*** AVAILABLE RECORDS

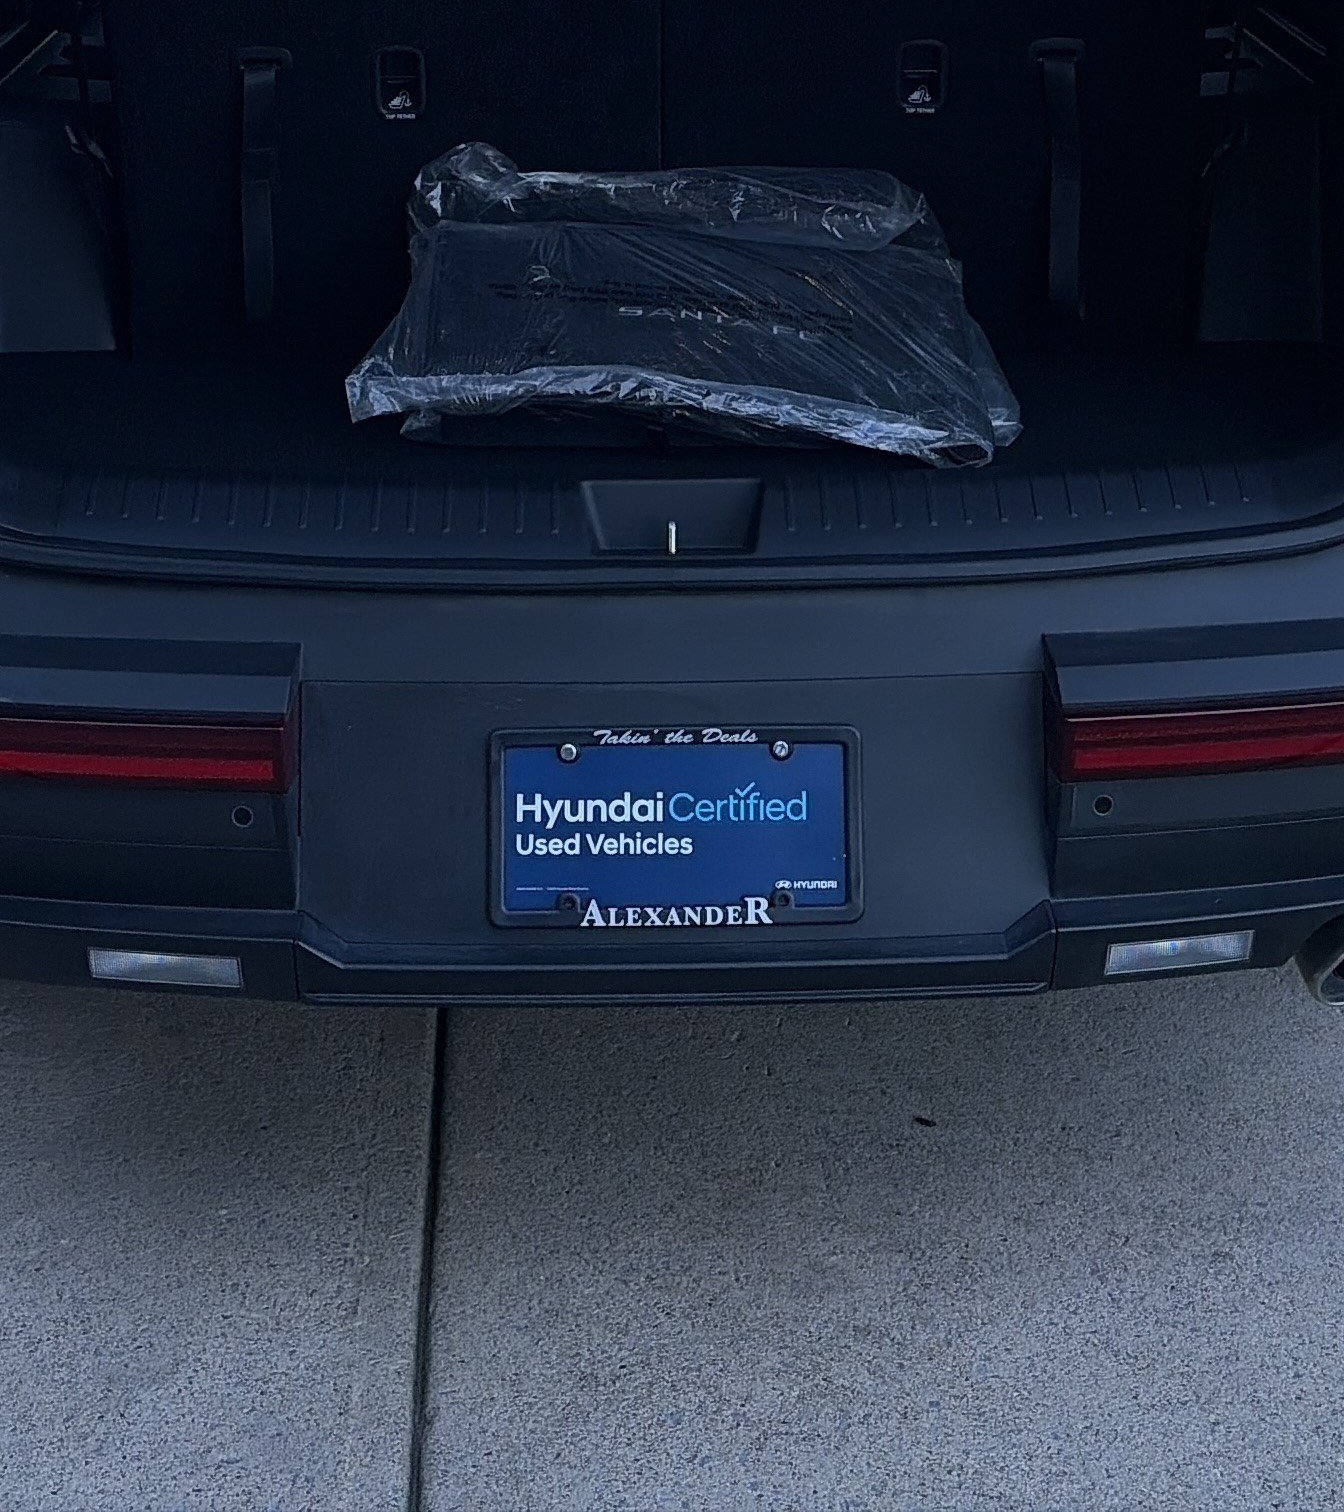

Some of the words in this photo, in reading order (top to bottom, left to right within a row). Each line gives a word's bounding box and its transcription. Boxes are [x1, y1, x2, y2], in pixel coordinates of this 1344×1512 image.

[593, 728, 660, 745] Takin'
[664, 728, 694, 744] the
[701, 727, 759, 743] Deals
[516, 791, 664, 830] Hyundai
[668, 781, 807, 822] Certified
[515, 832, 581, 856] Used
[585, 831, 693, 856] Vehicles
[793, 880, 838, 890] HYUNDAI
[580, 896, 773, 927] ALEXANDER
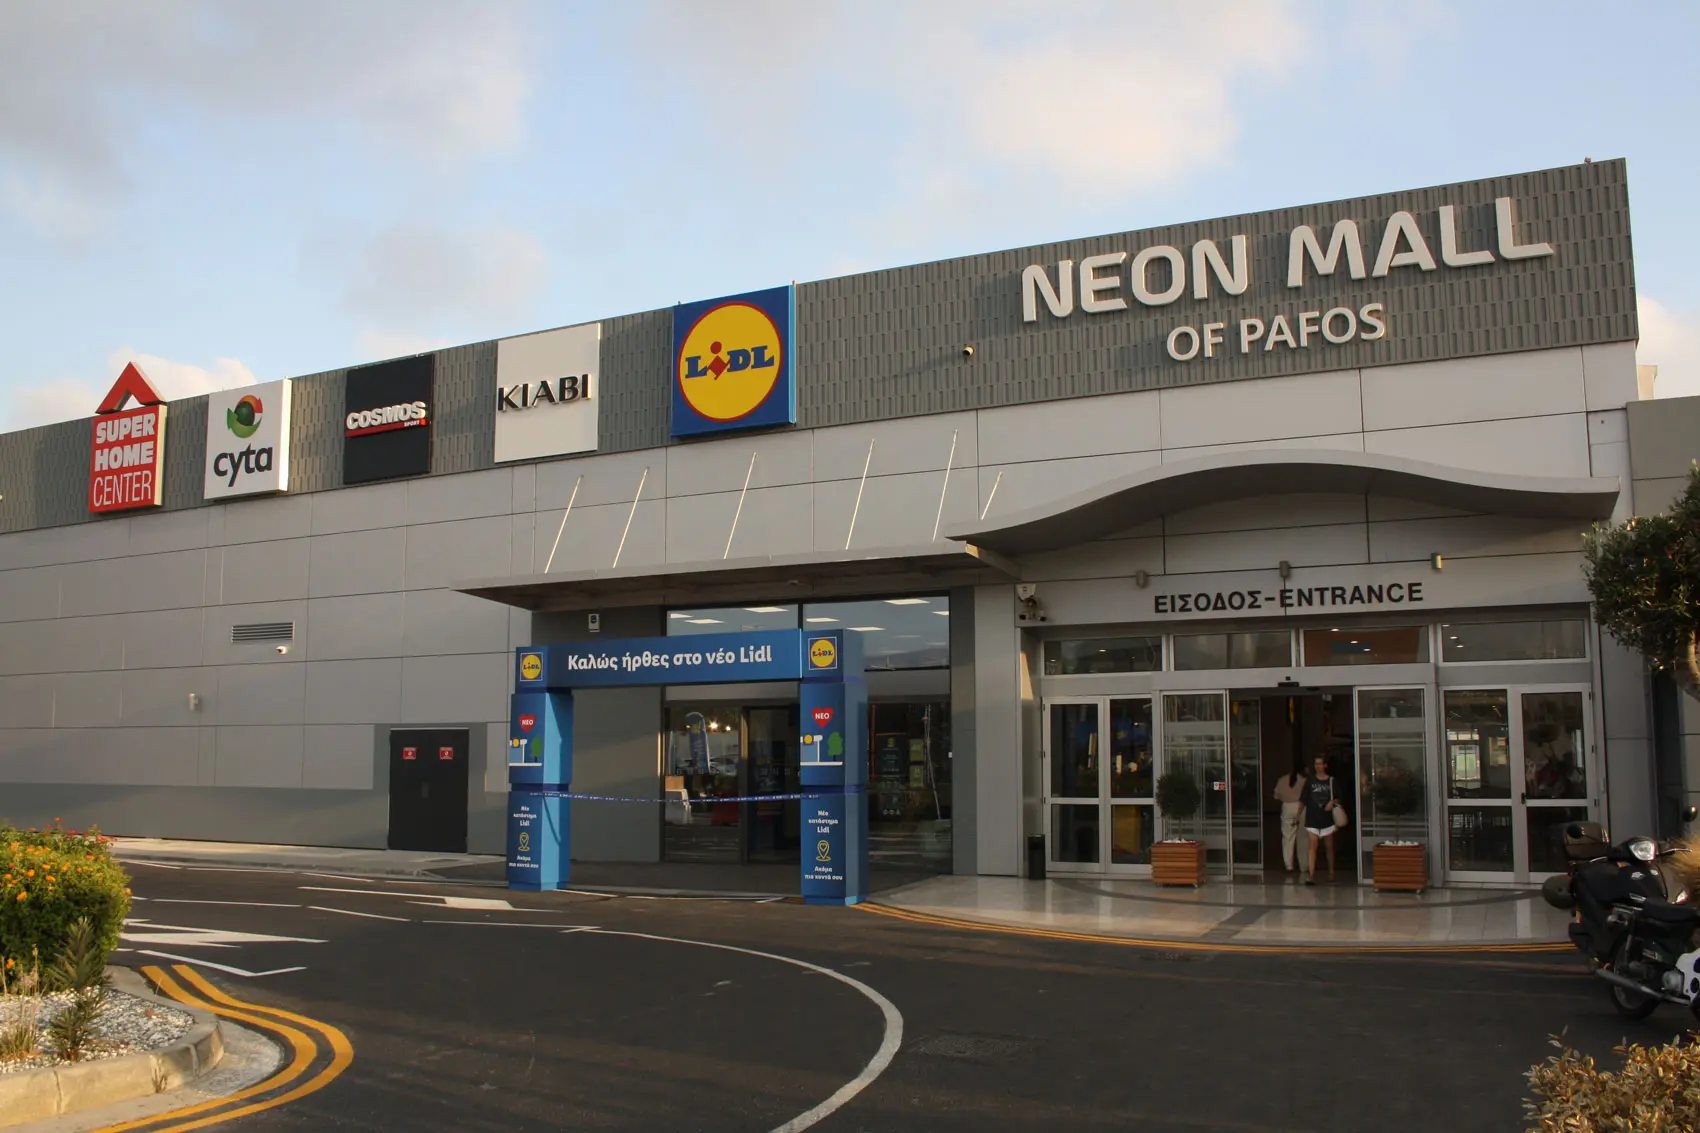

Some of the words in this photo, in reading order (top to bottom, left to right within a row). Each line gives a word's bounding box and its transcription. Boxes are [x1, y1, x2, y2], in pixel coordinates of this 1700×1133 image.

[1021, 233, 1249, 323] NEON
[1287, 196, 1555, 288] MALL
[1166, 321, 1225, 362] OF
[1239, 303, 1387, 354] PAFOS
[497, 373, 593, 412] KIABI
[95, 413, 156, 444] SUPER
[346, 401, 426, 430] COSMOS
[95, 442, 154, 472] HOME
[213, 444, 273, 487] cyta
[93, 471, 152, 507] CENTER
[568, 654, 618, 671] Καλώς
[622, 651, 669, 672] ήρθες
[673, 652, 702, 666] στο
[706, 648, 736, 664] νέο
[740, 645, 772, 663] Lidl
[817, 826, 830, 834] Lidl
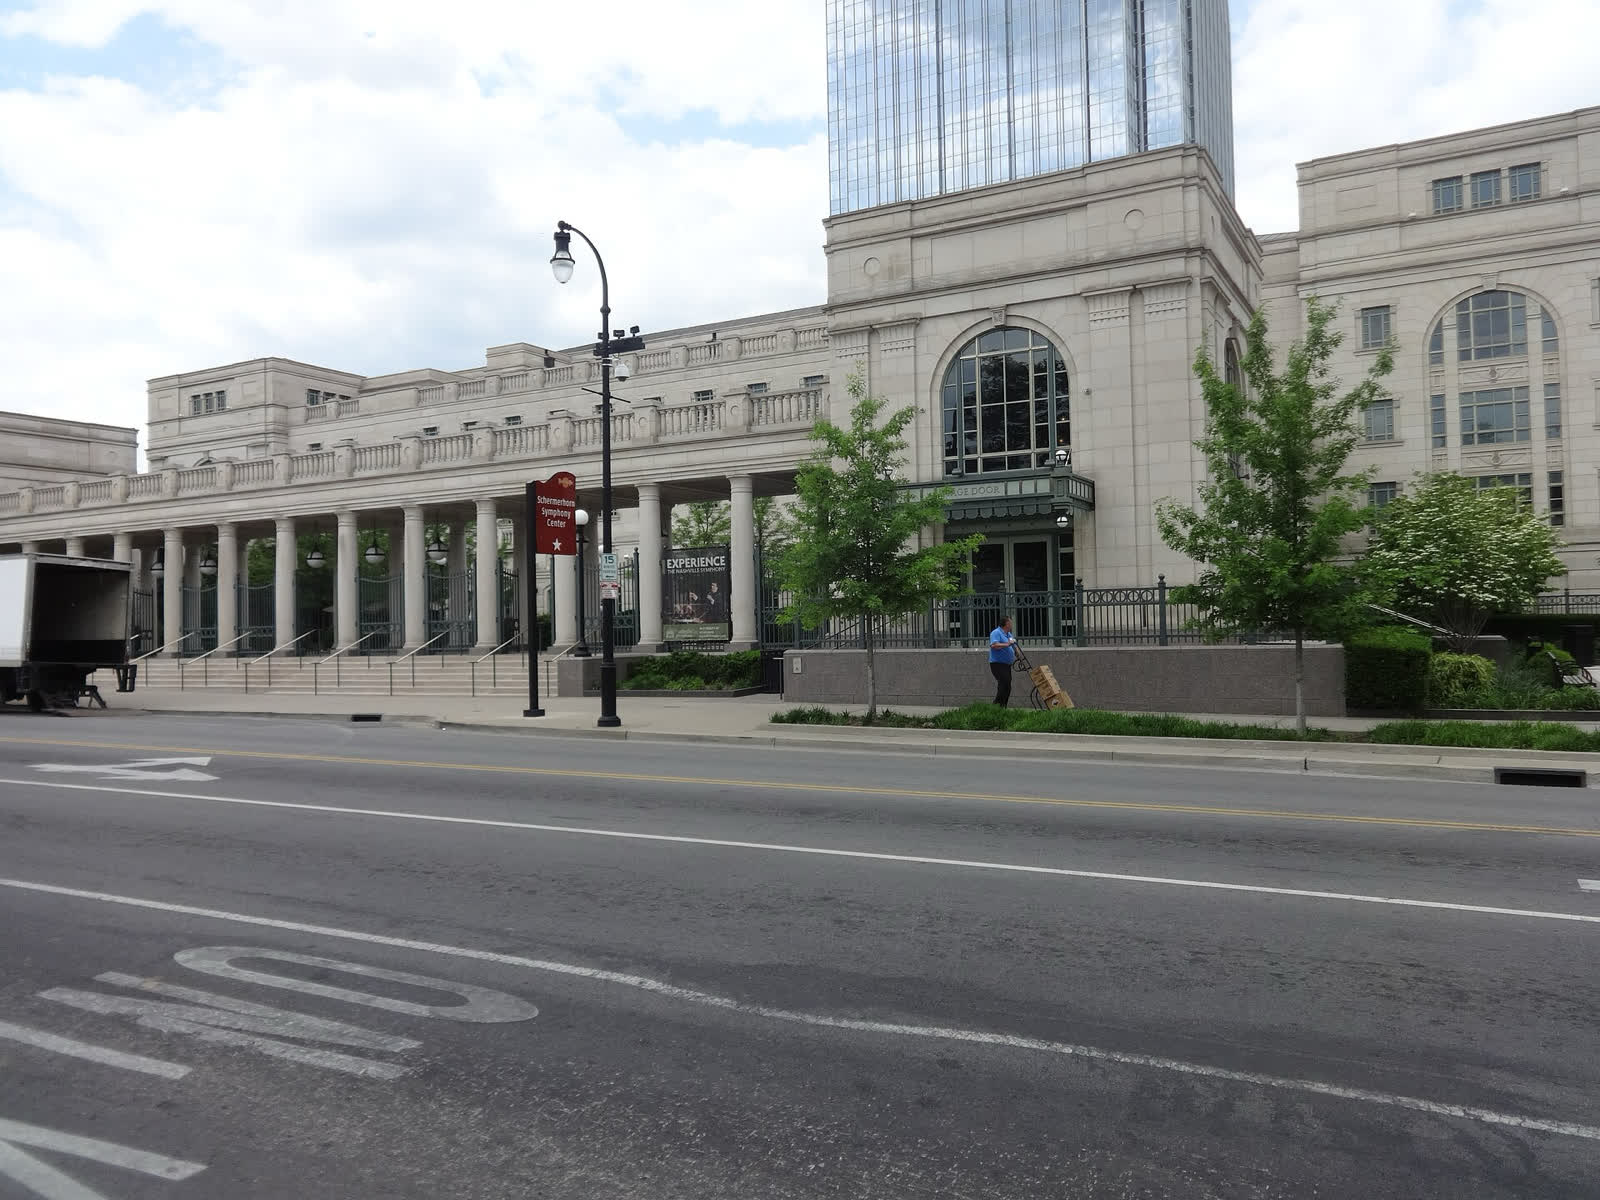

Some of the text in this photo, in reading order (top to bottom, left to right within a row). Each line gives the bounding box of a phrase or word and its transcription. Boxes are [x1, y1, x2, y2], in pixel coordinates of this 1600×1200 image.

******

### WHAT IS EXPECTED
Each line of the data must be transcribed exactly; pictures are not carried over.

### ANSWER BELOW
Some of the words in this photo, in reading order (top to bottom, left to right within a row). Each line gives a word's bounding box and its transcription. Boxes are [x1, y1, x2, y2], in pixel coordinates of this 1344×1512 image.

[593, 728, 660, 745] Takin'
[664, 728, 694, 744] the
[701, 727, 759, 743] Deals
[516, 791, 664, 830] Hyundai
[668, 781, 807, 822] Certified
[515, 832, 581, 856] Used
[585, 831, 693, 856] Vehicles
[793, 880, 838, 890] HYUNDAI
[580, 896, 773, 927] ALEXANDER

Some of the words in this photo, in reading order (top to bottom, left to right within a row). Each line gives a word's bounding box and its transcription. Boxes are [x1, y1, x2, y2], in pixel coordinates of this 1700×1133 image.

[1021, 233, 1249, 323] NEON
[1287, 196, 1555, 288] MALL
[1166, 321, 1225, 362] OF
[1239, 303, 1387, 354] PAFOS
[497, 373, 593, 412] KIABI
[95, 413, 156, 444] SUPER
[346, 401, 426, 430] COSMOS
[95, 442, 154, 472] HOME
[213, 444, 273, 487] cyta
[93, 471, 152, 507] CENTER
[568, 654, 618, 671] Καλώς
[622, 651, 669, 672] ήρθες
[673, 652, 702, 666] στο
[706, 648, 736, 664] νέο
[740, 645, 772, 663] Lidl
[817, 826, 830, 834] Lidl

Some of the text in this photo, in reading order (top to bottom, left to right within a row). Each line gives the bounding box of a phrase or word and its transcription. Boxes are [x1, y1, x2, y2], in pixel coordinates of this 1600×1200 image.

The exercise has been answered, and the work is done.